A few days and the school year starts again, and the children return to their schools.. This means going to bed at a specific time and waking up at an agreed upon hour, and with that comes the cycle of waking riots back for some children, causing inconvenience to mothers and anxiety to children, here educators and specialists confirm that the matter seems normal; The child at this age increases awareness and awareness, and looks forward to more knowledge and new experiences, in addition to increasing his ability to move and enjoy activity, and the most important issue: How does the mother ensure a healthy sleep for her child during that period? The meeting and consultant pediatrician Dr. Ibrahim Shukri to explain and give some advice.
1- Simple details.. to ensure a healthy sleep for the child
- Avoid energy drinks and caffeinated drinks during the day.
- Avoid exposure to high temperatures and be careful to prevent this by drinking enough fluids. This is to avoid heat stress, heat stroke and skin rash.
- It is necessary to establish a daily routine for the child related to his food, sleep and study time.
- Always prepare the child an hour before bedtime to relax; Listen to music or read.
- Stop talking.. Take a hot bath.. Avoid sleeping during the day.. Stay away from noise.
2- The ideal sleeping hours for a child
- Recent studies show that the ideal sleeping hours for a child, especially before he reaches the age of 7 years, varies from 10 to 13 hours a day, and early and continuous sleep is one of the most important growth factors.
- To achieve this, experts advise the necessity of establishing a regular daily routine for the child, related to his going and coming back, his food and his sleep, and to always prepare the child an hour before bedtime to to relax and sleep.
- Learn more: My baby cries without tears! Causes and solutions
3- A healthy sleep for students = an attentive, awake student
- Organization of meals.. Establishing a diet with specific times for meals for the child, which helps him to sleep early and for long hours.

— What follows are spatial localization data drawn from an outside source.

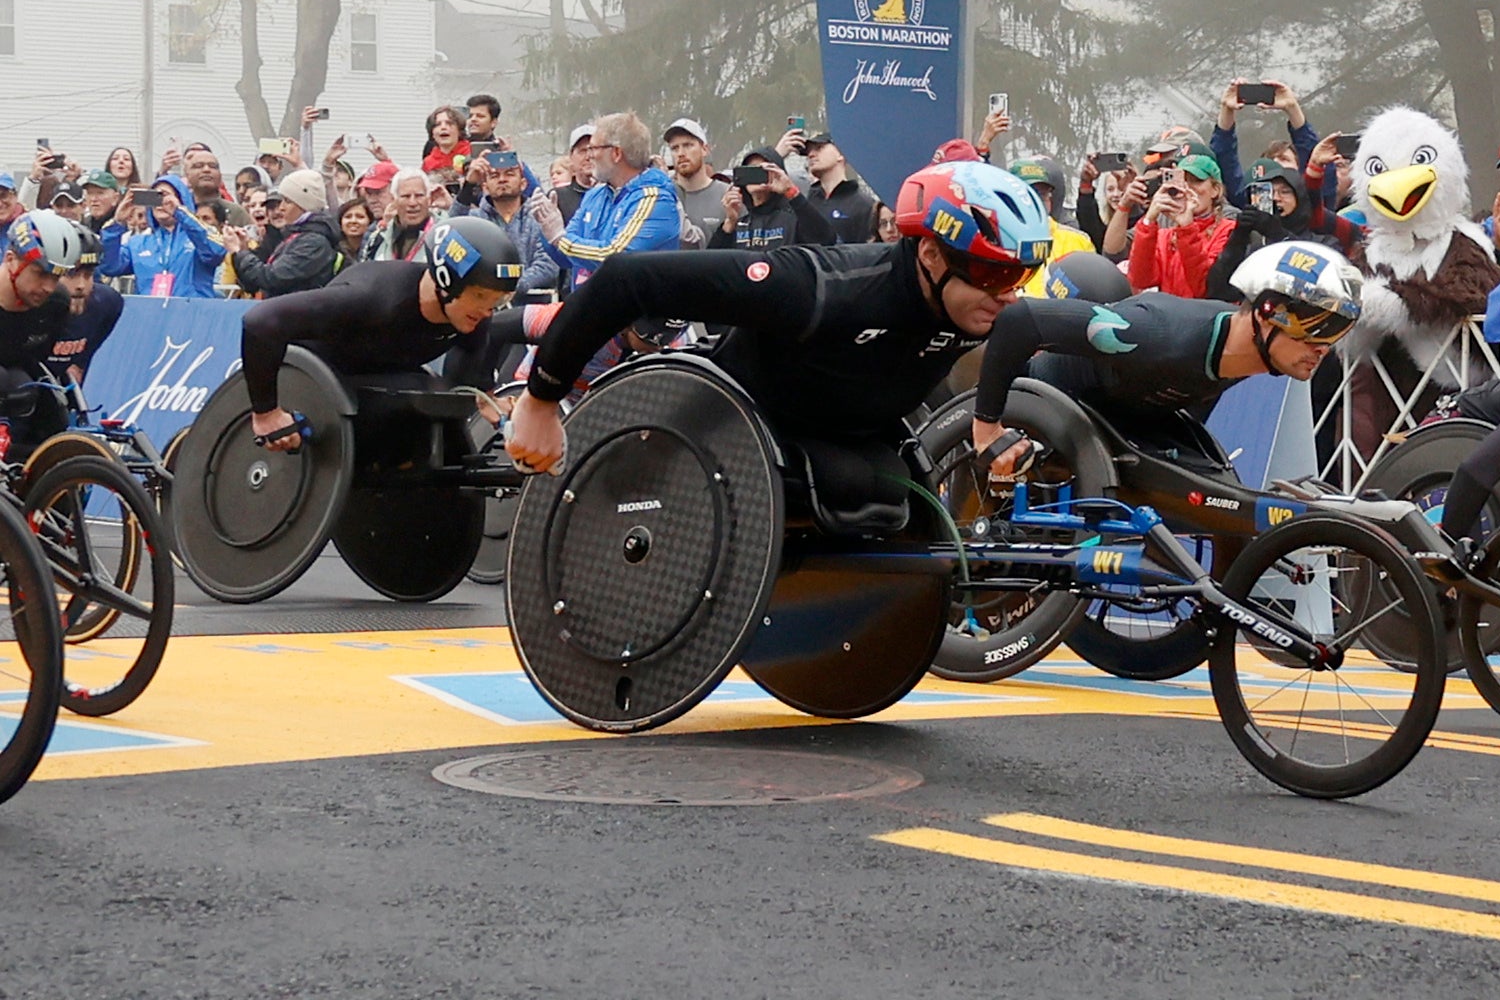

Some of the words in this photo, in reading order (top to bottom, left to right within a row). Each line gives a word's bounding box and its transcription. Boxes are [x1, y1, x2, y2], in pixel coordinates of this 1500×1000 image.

[828, 25, 879, 41] BOSTON
[881, 28, 950, 46] MARATHON
[843, 58, 881, 104] John
[879, 59, 937, 101] Hancock
[932, 209, 963, 241] W1
[1288, 251, 1318, 273] W2
[617, 500, 662, 513] HONDA
[1205, 496, 1240, 510] SAUBER
[1268, 506, 1293, 526] W2
[1093, 550, 1124, 575] W1
[1220, 602, 1255, 625] TOP
[1252, 621, 1294, 648] END
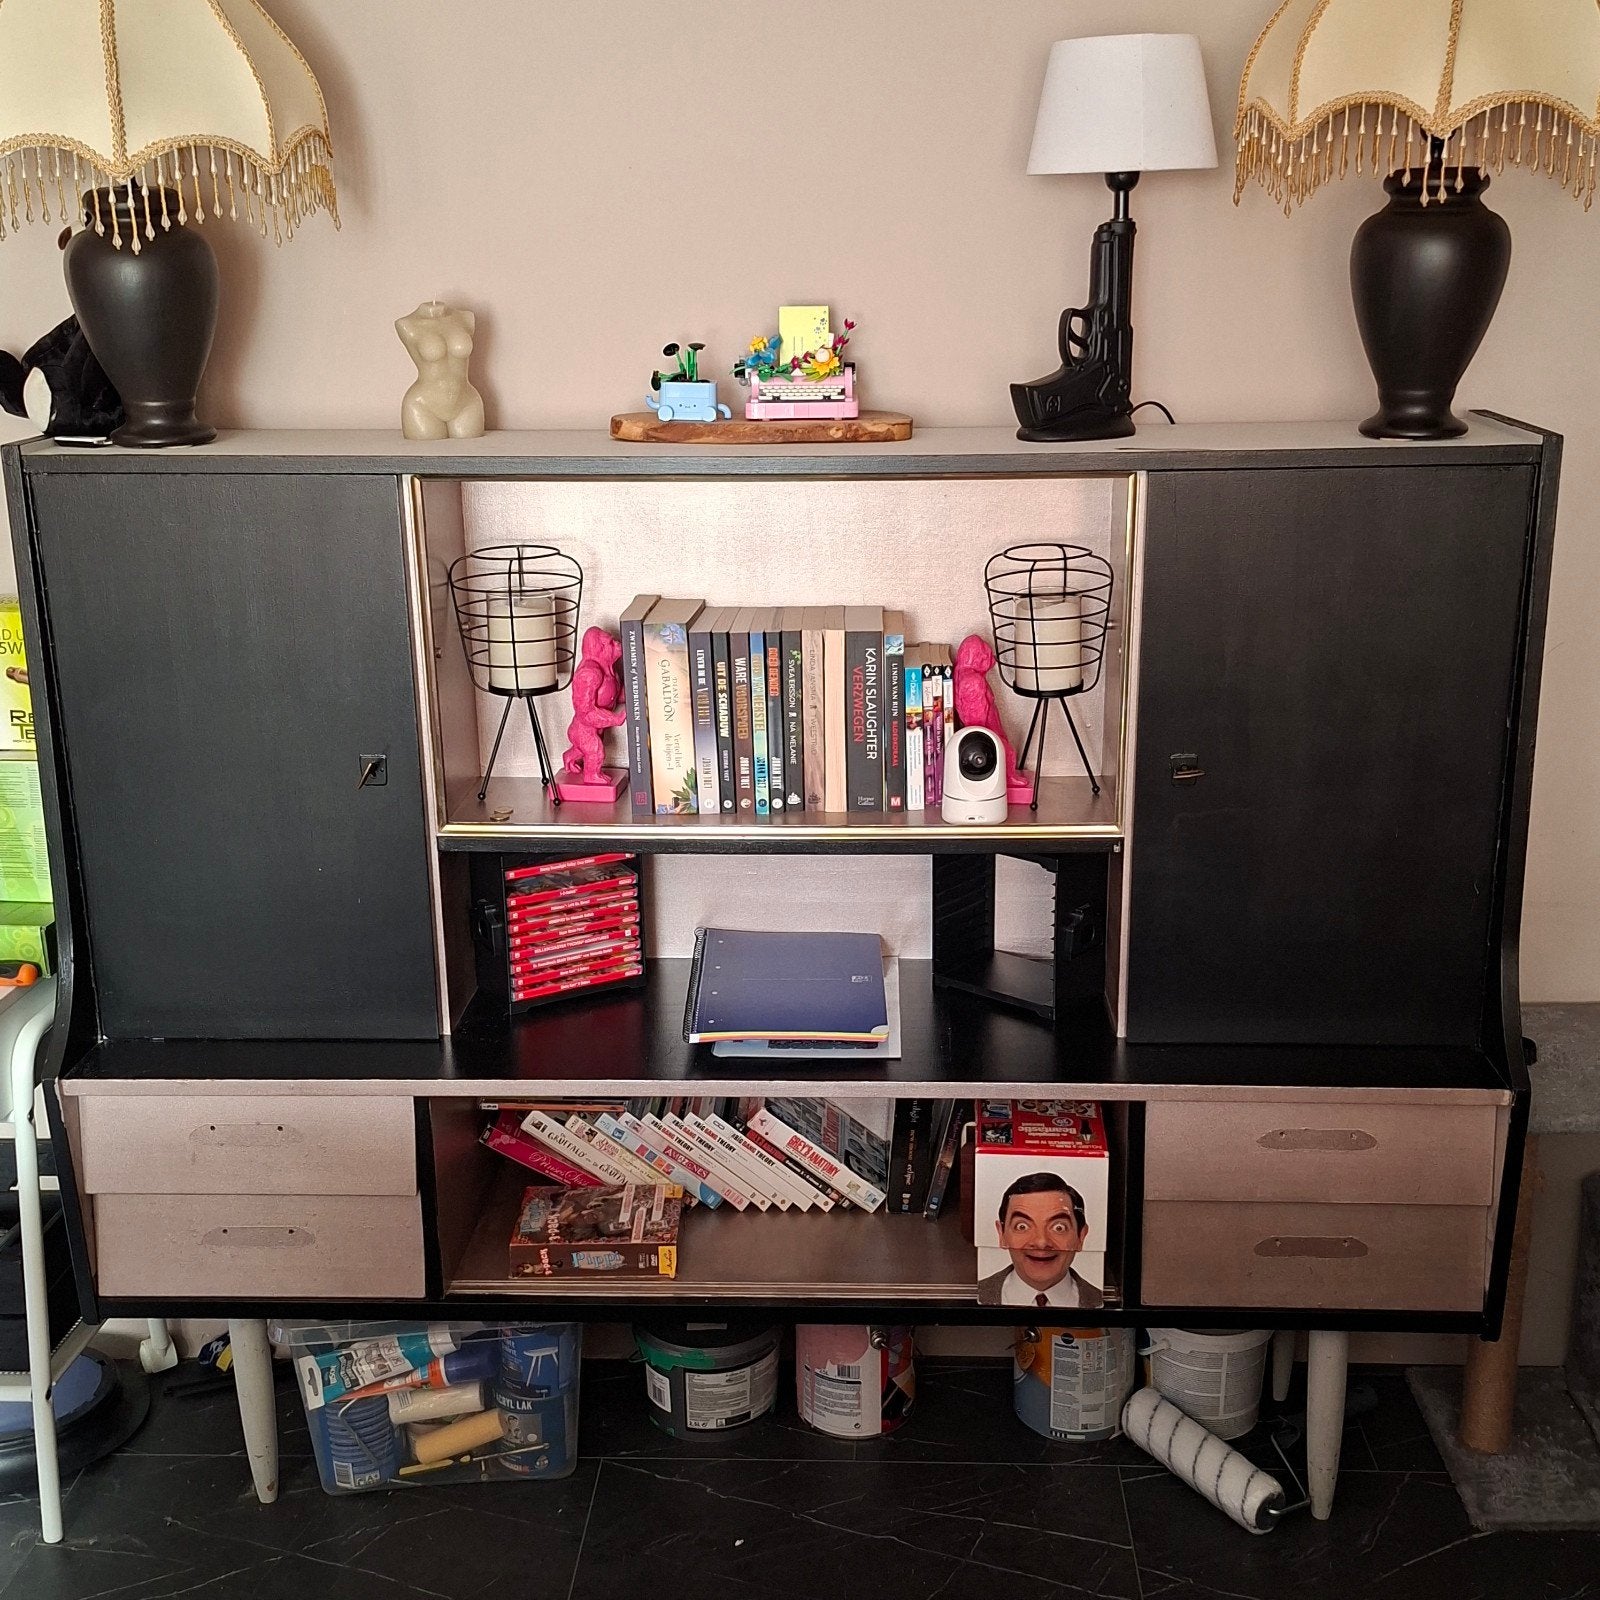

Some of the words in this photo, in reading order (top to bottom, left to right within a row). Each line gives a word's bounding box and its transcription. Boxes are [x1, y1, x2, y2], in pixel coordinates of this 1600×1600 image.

- Turn off electronic devices.. Preventing the child from playing electronic games during the night gives him the opportunity to sleep deeply.
- Excessive use of electronic devices is a source of stress in children and refusal to go to sleep on a regular basis.
- Stop talking.. If the child wakes up several times at night, the mother should stop talking to him at night, especially if the dialogue impresses him and has caught his attention in such a way that it affects his normal sleeping hours.
- A warm bath.. A child’s sleep usually requires steps to help him relax. One of these steps is to change the body’s temperature with a warm bath.
4- Keep your child away from smart devices before bedtime
- Some mothers may not realize that choosing a child’s bedroom requires care and focus regarding lighting and colors, and it is even advised that the child should be involved in choosing the color and furniture of his room.
- Prevent sleep during the day.. Some do not realize that a child’s afternoon nap negatively affects his sleep at night, and therefore require mothers and fathers to occupy their children’s time through the hours before they go to bed.
- Noise.. If you change your child’s daily routine by going out late, or staying outside for longer hours, his sleep schedule must also be maintained by getting the child used to natural noise sources inside the house.
- Sleep alone.. A child’s independence in sleep is not considered cruelty or neglect, but rather the beginning of his understanding of the importance of an organized daily routine, and doctors recommend it at this age.
- Avoid sources of stress.. The child’s constant feeling of fear and tension increases the state of insomnia and his refusal to sleep early or at night.. The child should be spared all sources of stress and anxiety.. And the use of smart devices such as e.g. cellphones before bed, or hearing sharp family discussions that heighten his fear.
Learn more: Symptoms of magnesium deficiency in children
5- Tips to ensure a healthy sleep for students
- Avoid that the child enters the bed to sleep before seven o’clock in the evening, the number of hours of sleep for children does not exceed 11 hours continuously.
- Try to delay the time of milking until the early hours of the morning with breakfast, which makes them feel hungry and prompts them to wake up with a good appetite.
- Keep your child away from naps so you can help him sleep longer at night instead of worrying about him… and waking up for several hours throughout the night.
- Stay calm when you get up early in the morning – before that – when you have to get up to prepare breakfast and bags of food.
- In the early hours of the morning, the sleep is not deep, and a little noise pushes the child to wake up… which affects the degree of his concentration at school.
6- The child goes to sleep.. only if he sleeps
- Do not wake your child before the agreed time to go to school, for whatever reasons, so as not to tire him and push him to sleep while explaining lessons at school.
- When the child stays awake in bed for long periods at night, try to convince him to go to bed shortly before he sleeps, and wake him up at the usual time, so as not to compensate for the lack of sleep during the day.
- A child at this age discovers new things daily, and these are processed in the brain at night, prompting the child to wake up often.
- If the nature of your child is that he does not sleep continuously, and wakes up almost every hour, you should reduce the time your child spends in bed at night and limit him to just sleep.
Note from “Madam Net”: Before applying this recipe or this treatment, you must consult a specialized doctor.